Десяти минут радогостевцам не хватило, но через двадцать передо мной стояла растрёпанная и пёстрая толпа. Да уж, пожар в борделе, хорошо ещё без наводнения обошлись. Баб три десятка точно не было — может, кого клиенты с собой вывезли, я особо не приглядывался, поварских в белых фартуках — человек пятнадцать, да с десяток музыкантов.
— Значит, так. Я — владетель этой земли, и волею моей на месте сем будет посажен лес, — толпа начала переминаться и переглядываться. — Ежели кто из
— А если я ничего не умею? — спросил из-за спин товарок женский голосок.
— Значит, всю жизнь поломойкой будешь, — пожал я плечами. — Чья в том печаль? Не умеешь — учись. Ноги сообразила же, как раздвигать… Далее! Мне с этого поганого городишки ничего не нужно. Всем одеться и в десять минут выйти за околицу. Если есть больные или немощные в домах — сообщить приказчику вашему, пусть организует, чтоб вынесли. А через десять минут я пожгу этот городишко огнём лютым, кто внутри останется — сам судьбу свою выбрал. Чего стоим? Живее, шевелим лаптями! — площадь начала быстро пустеть. — Теперь скоморохи… тьфу, как?..
— Трубадуры, — подсказал Кузьма. — Или менестрели, если по-франкски. А то ещё миннезингеры, по-германски, и ток про любовь.
— Сложности какие. Трубадуры, сюда подите!
Мятые певцы и музыканты сползлись поближе, опасливо переглядываясь.
— Дудки-скрипки ваши живы?
— Живы, ваша светлость, — уныло ответил высокий и худой.
— А ну, изобразите что-нибудь. Глядишь, я вас и найму.
Менестрели приободрились:
— Весёлое изволите иль трагическое?
— Да давайте уж весёлое, на трагедию я сегодня вдоволь насмотрелся.
Странно это, наверное, выглядело: пустая площадь, обледенелый дом, вокруг ещё несколько, от которых гарью тянет — и кучка потрёпанных скоморохов играет нечто развесёлое слушателям, выряженным тоже весьма разнообразно.
— Неплохо, — оценил Кузя.
— Согласен. Поедете с нами в Засечин, после в Москву заберу, пристрою к делу. Лезьте в грузовик, в кузов, выметаемся из города. Время зажечь.
19. ВИДЕН КРАЙ
СВЕСТИ К НУЛЮ
На пятачке в полусотне метров от въезда в город толклась всё та же толпа, на сей раз отягощённая узлами и котомками. Кое-кто с детьми, пара — вообще с грудными на руках. Возмущаясь на ограничение в свободе, сердито орал кошак.
— Даже куры, глянь, в клетушках, — заметил Кузьма. — И корова!
— На этакую толпу скудноватое хозяйство, — критически отозвался Фёдор.
— Ну так, понятное дело, другим важным заняты, до коров ли тут!
— Федя, спроси, все явились? — в конце концов, для чего я управляющего с собой таскаю?
— Все явились? — строго обернулся Фёдор к тонкоусому приказчику.

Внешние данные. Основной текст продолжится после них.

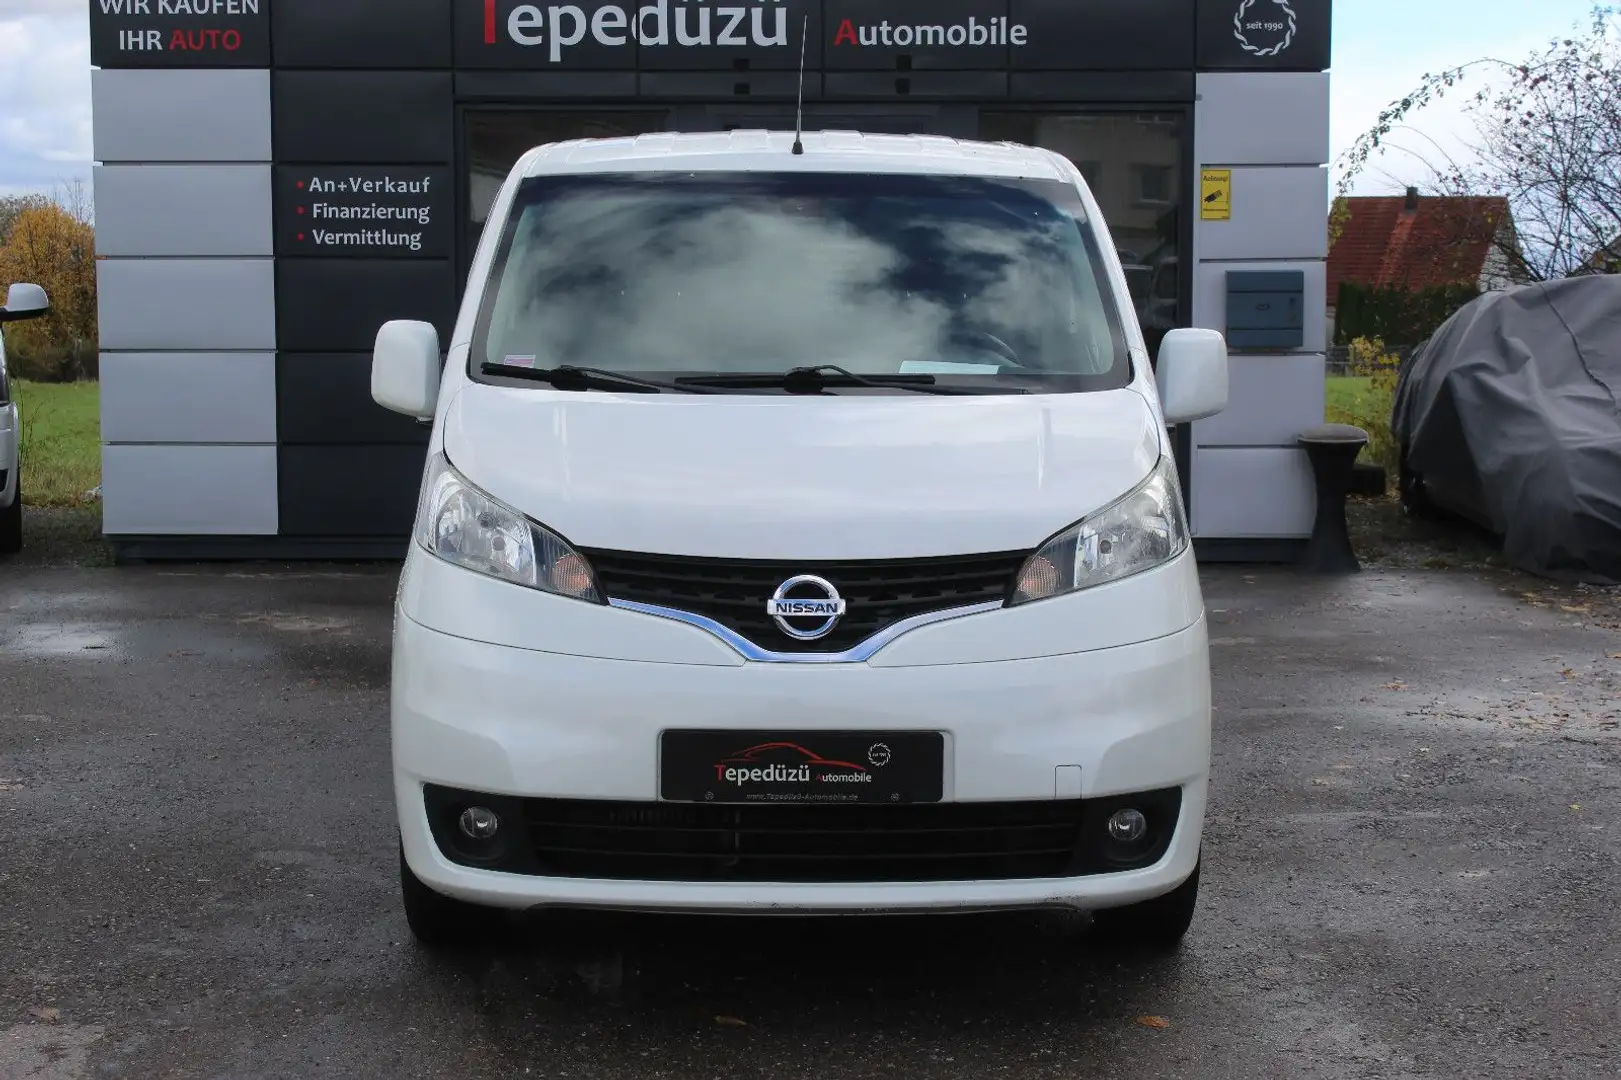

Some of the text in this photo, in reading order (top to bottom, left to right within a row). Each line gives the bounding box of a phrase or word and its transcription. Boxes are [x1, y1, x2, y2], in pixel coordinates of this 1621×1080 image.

— Так точно, сударь, как было приказано!
Ответ перекочевал ко мне по цепочке.
«Кузьма, поджигай!»
Кузя сорвался вперёд огненным мечом, метнулся в сторону, очерчивая городишко во внешнему контуру гудящим пламенем. Вскоре он вернулся и остановился рядом, всё также в образе меча. Из травы неслышно вынырнули бронзовые волки, уселись рядом, глядя на разгорающееся пламя. Потихоньку начали подвывать бабы.
Я снова включил энергетическую раскачку, только на сей раз морозные полосы ложились на окружающие стену травы, а в город летел жар. 'Кузя, прогони ещё кружочек. Хаарта возьми, пусть покажет, наверняка в траве душегубцев сколько-то разбросано. Сразу в огонь кидай, незачем нам трупы гниющие по полям да дурное зверьё приваживать.
«Сделаю».
Кузьмы не было минут пятнадцать. Пламя успело подняться густым, ревущим занавесом.
— Федя, мы с Кузьмой отлучимся ненадолго. Волков оставляю в помощь. Думаю, гореть ещё часа два будет, успеем вернуться, — я открыл портал и шагнул в тибетскую ночь.
Глянцево-чёрные силуэты гор чётко вырисовывались на фоне сплошь усыпанного звёздами неба. На низенькой скамеечке рядом с каменной хижиной, возле которой я оставил его восемьсот двадцать девять лет назад, сидел Цинь Шихуанди, седой, как лунь, но всё такой же сухощавый и подтянутый.
— Здравствуй, Ди Мит Ри, я рад, что ты успел.
— Никак, помирать собрался? — я осторожно пожал протянутую руку.